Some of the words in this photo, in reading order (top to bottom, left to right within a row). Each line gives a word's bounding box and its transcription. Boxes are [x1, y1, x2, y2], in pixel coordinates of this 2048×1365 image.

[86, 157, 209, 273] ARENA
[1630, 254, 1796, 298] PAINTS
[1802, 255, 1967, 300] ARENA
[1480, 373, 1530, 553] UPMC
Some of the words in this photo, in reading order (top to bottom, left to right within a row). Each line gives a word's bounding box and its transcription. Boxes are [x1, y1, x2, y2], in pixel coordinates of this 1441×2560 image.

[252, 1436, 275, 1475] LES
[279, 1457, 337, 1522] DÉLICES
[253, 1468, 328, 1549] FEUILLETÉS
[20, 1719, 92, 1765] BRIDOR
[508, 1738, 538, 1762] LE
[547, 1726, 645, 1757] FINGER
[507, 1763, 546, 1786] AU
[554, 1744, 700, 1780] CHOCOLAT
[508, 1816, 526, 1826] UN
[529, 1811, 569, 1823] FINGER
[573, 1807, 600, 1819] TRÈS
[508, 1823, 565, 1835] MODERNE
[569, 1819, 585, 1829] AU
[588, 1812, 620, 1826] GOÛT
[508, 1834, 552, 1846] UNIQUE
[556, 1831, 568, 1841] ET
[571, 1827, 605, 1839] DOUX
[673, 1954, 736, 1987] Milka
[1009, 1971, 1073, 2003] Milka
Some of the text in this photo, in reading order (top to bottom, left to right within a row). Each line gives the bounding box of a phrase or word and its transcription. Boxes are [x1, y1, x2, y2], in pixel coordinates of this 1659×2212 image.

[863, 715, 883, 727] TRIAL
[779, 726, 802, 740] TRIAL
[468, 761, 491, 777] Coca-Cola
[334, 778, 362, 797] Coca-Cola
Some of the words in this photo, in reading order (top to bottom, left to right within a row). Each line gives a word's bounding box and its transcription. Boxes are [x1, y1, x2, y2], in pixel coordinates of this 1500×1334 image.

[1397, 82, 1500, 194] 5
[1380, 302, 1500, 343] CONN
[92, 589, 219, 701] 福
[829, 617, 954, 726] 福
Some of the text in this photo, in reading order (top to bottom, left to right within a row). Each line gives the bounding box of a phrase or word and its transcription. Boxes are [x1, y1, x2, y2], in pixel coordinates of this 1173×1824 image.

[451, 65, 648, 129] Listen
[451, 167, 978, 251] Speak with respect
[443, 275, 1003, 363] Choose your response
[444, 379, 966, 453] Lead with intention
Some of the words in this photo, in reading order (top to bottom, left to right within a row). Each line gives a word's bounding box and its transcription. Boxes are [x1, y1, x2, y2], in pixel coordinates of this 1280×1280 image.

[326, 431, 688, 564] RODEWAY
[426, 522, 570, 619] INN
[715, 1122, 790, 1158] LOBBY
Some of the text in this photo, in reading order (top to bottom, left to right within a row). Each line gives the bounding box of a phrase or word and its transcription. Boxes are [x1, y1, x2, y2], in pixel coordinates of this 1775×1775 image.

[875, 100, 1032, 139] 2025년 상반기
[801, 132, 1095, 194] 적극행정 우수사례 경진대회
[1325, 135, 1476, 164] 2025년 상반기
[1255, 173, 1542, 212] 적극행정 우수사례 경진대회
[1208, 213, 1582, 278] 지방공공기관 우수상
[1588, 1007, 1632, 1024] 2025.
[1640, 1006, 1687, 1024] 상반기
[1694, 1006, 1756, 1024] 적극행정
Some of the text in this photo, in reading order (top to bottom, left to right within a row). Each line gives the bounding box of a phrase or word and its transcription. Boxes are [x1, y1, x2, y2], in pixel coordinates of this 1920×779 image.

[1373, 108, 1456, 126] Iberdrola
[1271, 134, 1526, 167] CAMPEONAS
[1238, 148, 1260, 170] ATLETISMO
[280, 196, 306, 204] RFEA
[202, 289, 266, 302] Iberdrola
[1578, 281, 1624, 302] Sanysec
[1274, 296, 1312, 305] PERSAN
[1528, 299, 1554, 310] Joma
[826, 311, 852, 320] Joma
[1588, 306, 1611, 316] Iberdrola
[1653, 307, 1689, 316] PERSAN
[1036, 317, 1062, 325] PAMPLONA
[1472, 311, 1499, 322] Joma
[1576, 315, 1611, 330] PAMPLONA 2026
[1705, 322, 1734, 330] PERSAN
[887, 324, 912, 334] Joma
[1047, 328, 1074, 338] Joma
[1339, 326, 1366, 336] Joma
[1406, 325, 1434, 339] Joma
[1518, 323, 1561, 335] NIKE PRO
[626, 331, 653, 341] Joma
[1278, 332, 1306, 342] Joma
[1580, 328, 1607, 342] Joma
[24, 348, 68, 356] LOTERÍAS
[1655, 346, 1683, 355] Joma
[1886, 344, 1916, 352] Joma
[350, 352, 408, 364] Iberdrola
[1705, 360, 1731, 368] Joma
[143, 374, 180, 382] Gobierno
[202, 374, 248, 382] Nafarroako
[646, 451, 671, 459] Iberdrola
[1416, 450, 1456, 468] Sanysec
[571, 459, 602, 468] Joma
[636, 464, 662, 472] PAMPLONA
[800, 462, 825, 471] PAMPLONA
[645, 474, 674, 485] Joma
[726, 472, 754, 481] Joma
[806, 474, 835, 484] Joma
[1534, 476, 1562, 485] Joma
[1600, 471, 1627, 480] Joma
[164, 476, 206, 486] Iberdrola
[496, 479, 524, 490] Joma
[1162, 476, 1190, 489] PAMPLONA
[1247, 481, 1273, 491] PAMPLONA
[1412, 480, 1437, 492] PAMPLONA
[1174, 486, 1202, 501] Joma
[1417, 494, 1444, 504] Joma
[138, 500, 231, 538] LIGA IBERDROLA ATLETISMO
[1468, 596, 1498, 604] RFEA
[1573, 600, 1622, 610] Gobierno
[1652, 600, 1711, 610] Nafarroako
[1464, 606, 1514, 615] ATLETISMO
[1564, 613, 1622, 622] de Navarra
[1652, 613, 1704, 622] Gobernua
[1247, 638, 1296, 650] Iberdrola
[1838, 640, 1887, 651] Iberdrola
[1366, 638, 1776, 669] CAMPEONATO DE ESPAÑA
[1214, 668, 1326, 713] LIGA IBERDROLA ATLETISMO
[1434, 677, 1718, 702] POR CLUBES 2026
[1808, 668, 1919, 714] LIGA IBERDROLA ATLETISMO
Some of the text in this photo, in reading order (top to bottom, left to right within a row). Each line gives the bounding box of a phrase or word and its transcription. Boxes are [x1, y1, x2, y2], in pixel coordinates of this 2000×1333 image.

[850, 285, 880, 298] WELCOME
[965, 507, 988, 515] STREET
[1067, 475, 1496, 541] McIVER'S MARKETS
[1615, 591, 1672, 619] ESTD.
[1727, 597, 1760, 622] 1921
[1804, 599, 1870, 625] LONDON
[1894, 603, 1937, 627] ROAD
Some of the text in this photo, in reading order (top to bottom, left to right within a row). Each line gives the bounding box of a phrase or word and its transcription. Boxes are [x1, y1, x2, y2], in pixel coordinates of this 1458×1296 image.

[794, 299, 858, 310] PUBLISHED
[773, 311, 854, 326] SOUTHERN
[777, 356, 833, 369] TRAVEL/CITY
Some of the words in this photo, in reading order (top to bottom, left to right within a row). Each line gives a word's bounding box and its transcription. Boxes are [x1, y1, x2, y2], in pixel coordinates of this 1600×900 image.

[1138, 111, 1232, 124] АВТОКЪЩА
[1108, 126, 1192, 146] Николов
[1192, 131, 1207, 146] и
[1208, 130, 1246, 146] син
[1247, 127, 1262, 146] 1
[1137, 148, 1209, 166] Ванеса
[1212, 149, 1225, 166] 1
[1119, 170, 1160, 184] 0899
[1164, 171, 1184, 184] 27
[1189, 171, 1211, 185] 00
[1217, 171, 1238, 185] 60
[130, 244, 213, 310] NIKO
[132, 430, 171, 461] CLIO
* * * * * * * * *
### Work instructions
Each record above needs to be set down again, word for word.

### Solution for this exercise
Some of the words in this photo, in reading order (top to bottom, left to right within a row). Each line gives a word's bounding box and its transcription. Boxes are [x1, y1, x2, y2], in pixel coordinates of this 2048×1365 image.

[86, 157, 209, 273] ARENA
[1630, 254, 1796, 298] PAINTS
[1802, 255, 1967, 300] ARENA
[1480, 373, 1530, 553] UPMC
Some of the words in this photo, in reading order (top to bottom, left to right within a row). Each line gives a word's bounding box and its transcription. Boxes are [x1, y1, x2, y2], in pixel coordinates of this 1441×2560 image.

[252, 1436, 275, 1475] LES
[279, 1457, 337, 1522] DÉLICES
[253, 1468, 328, 1549] FEUILLETÉS
[20, 1719, 92, 1765] BRIDOR
[508, 1738, 538, 1762] LE
[547, 1726, 645, 1757] FINGER
[507, 1763, 546, 1786] AU
[554, 1744, 700, 1780] CHOCOLAT
[508, 1816, 526, 1826] UN
[529, 1811, 569, 1823] FINGER
[573, 1807, 600, 1819] TRÈS
[508, 1823, 565, 1835] MODERNE
[569, 1819, 585, 1829] AU
[588, 1812, 620, 1826] GOÛT
[508, 1834, 552, 1846] UNIQUE
[556, 1831, 568, 1841] ET
[571, 1827, 605, 1839] DOUX
[673, 1954, 736, 1987] Milka
[1009, 1971, 1073, 2003] Milka
Some of the text in this photo, in reading order (top to bottom, left to right within a row). Each line gives the bounding box of a phrase or word and its transcription. Boxes are [x1, y1, x2, y2], in pixel coordinates of this 1659×2212 image.

[863, 715, 883, 727] TRIAL
[779, 726, 802, 740] TRIAL
[468, 761, 491, 777] Coca-Cola
[334, 778, 362, 797] Coca-Cola
Some of the words in this photo, in reading order (top to bottom, left to right within a row). Each line gives a word's bounding box and its transcription. Boxes are [x1, y1, x2, y2], in pixel coordinates of this 1500×1334 image.

[1397, 82, 1500, 194] 5
[1380, 302, 1500, 343] CONN
[92, 589, 219, 701] 福
[829, 617, 954, 726] 福
Some of the text in this photo, in reading order (top to bottom, left to right within a row). Each line gives the bounding box of a phrase or word and its transcription. Boxes are [x1, y1, x2, y2], in pixel coordinates of this 1173×1824 image.

[451, 65, 648, 129] Listen
[451, 167, 978, 251] Speak with respect
[443, 275, 1003, 363] Choose your response
[444, 379, 966, 453] Lead with intention
Some of the words in this photo, in reading order (top to bottom, left to right within a row). Each line gives a word's bounding box and its transcription. Boxes are [x1, y1, x2, y2], in pixel coordinates of this 1280×1280 image.

[326, 431, 688, 564] RODEWAY
[426, 522, 570, 619] INN
[715, 1122, 790, 1158] LOBBY
Some of the text in this photo, in reading order (top to bottom, left to right within a row). Each line gives the bounding box of a phrase or word and its transcription. Boxes are [x1, y1, x2, y2], in pixel coordinates of this 1775×1775 image.

[875, 100, 1032, 139] 2025년 상반기
[801, 132, 1095, 194] 적극행정 우수사례 경진대회
[1325, 135, 1476, 164] 2025년 상반기
[1255, 173, 1542, 212] 적극행정 우수사례 경진대회
[1208, 213, 1582, 278] 지방공공기관 우수상
[1588, 1007, 1632, 1024] 2025.
[1640, 1006, 1687, 1024] 상반기
[1694, 1006, 1756, 1024] 적극행정
Some of the text in this photo, in reading order (top to bottom, left to right within a row). Each line gives the bounding box of a phrase or word and its transcription. Boxes are [x1, y1, x2, y2], in pixel coordinates of this 1920×779 image.

[1373, 108, 1456, 126] Iberdrola
[1271, 134, 1526, 167] CAMPEONAS
[1238, 148, 1260, 170] ATLETISMO
[280, 196, 306, 204] RFEA
[202, 289, 266, 302] Iberdrola
[1578, 281, 1624, 302] Sanysec
[1274, 296, 1312, 305] PERSAN
[1528, 299, 1554, 310] Joma
[826, 311, 852, 320] Joma
[1588, 306, 1611, 316] Iberdrola
[1653, 307, 1689, 316] PERSAN
[1036, 317, 1062, 325] PAMPLONA
[1472, 311, 1499, 322] Joma
[1576, 315, 1611, 330] PAMPLONA 2026
[1705, 322, 1734, 330] PERSAN
[887, 324, 912, 334] Joma
[1047, 328, 1074, 338] Joma
[1339, 326, 1366, 336] Joma
[1406, 325, 1434, 339] Joma
[1518, 323, 1561, 335] NIKE PRO
[626, 331, 653, 341] Joma
[1278, 332, 1306, 342] Joma
[1580, 328, 1607, 342] Joma
[24, 348, 68, 356] LOTERÍAS
[1655, 346, 1683, 355] Joma
[1886, 344, 1916, 352] Joma
[350, 352, 408, 364] Iberdrola
[1705, 360, 1731, 368] Joma
[143, 374, 180, 382] Gobierno
[202, 374, 248, 382] Nafarroako
[646, 451, 671, 459] Iberdrola
[1416, 450, 1456, 468] Sanysec
[571, 459, 602, 468] Joma
[636, 464, 662, 472] PAMPLONA
[800, 462, 825, 471] PAMPLONA
[645, 474, 674, 485] Joma
[726, 472, 754, 481] Joma
[806, 474, 835, 484] Joma
[1534, 476, 1562, 485] Joma
[1600, 471, 1627, 480] Joma
[164, 476, 206, 486] Iberdrola
[496, 479, 524, 490] Joma
[1162, 476, 1190, 489] PAMPLONA
[1247, 481, 1273, 491] PAMPLONA
[1412, 480, 1437, 492] PAMPLONA
[1174, 486, 1202, 501] Joma
[1417, 494, 1444, 504] Joma
[138, 500, 231, 538] LIGA IBERDROLA ATLETISMO
[1468, 596, 1498, 604] RFEA
[1573, 600, 1622, 610] Gobierno
[1652, 600, 1711, 610] Nafarroako
[1464, 606, 1514, 615] ATLETISMO
[1564, 613, 1622, 622] de Navarra
[1652, 613, 1704, 622] Gobernua
[1247, 638, 1296, 650] Iberdrola
[1838, 640, 1887, 651] Iberdrola
[1366, 638, 1776, 669] CAMPEONATO DE ESPAÑA
[1214, 668, 1326, 713] LIGA IBERDROLA ATLETISMO
[1434, 677, 1718, 702] POR CLUBES 2026
[1808, 668, 1919, 714] LIGA IBERDROLA ATLETISMO
Some of the text in this photo, in reading order (top to bottom, left to right within a row). Each line gives the bounding box of a phrase or word and its transcription. Boxes are [x1, y1, x2, y2], in pixel coordinates of this 2000×1333 image.

[850, 285, 880, 298] WELCOME
[965, 507, 988, 515] STREET
[1067, 475, 1496, 541] McIVER'S MARKETS
[1615, 591, 1672, 619] ESTD.
[1727, 597, 1760, 622] 1921
[1804, 599, 1870, 625] LONDON
[1894, 603, 1937, 627] ROAD
Some of the text in this photo, in reading order (top to bottom, left to right within a row). Each line gives the bounding box of a phrase or word and its transcription. Boxes are [x1, y1, x2, y2], in pixel coordinates of this 1458×1296 image.

[794, 299, 858, 310] PUBLISHED
[773, 311, 854, 326] SOUTHERN
[777, 356, 833, 369] TRAVEL/CITY
Some of the words in this photo, in reading order (top to bottom, left to right within a row). Each line gives a word's bounding box and its transcription. Boxes are [x1, y1, x2, y2], in pixel coordinates of this 1600×900 image.

[1138, 111, 1232, 124] АВТОКЪЩА
[1108, 126, 1192, 146] Николов
[1192, 131, 1207, 146] и
[1208, 130, 1246, 146] син
[1247, 127, 1262, 146] 1
[1137, 148, 1209, 166] Ванеса
[1212, 149, 1225, 166] 1
[1119, 170, 1160, 184] 0899
[1164, 171, 1184, 184] 27
[1189, 171, 1211, 185] 00
[1217, 171, 1238, 185] 60
[130, 244, 213, 310] NIKO
[132, 430, 171, 461] CLIO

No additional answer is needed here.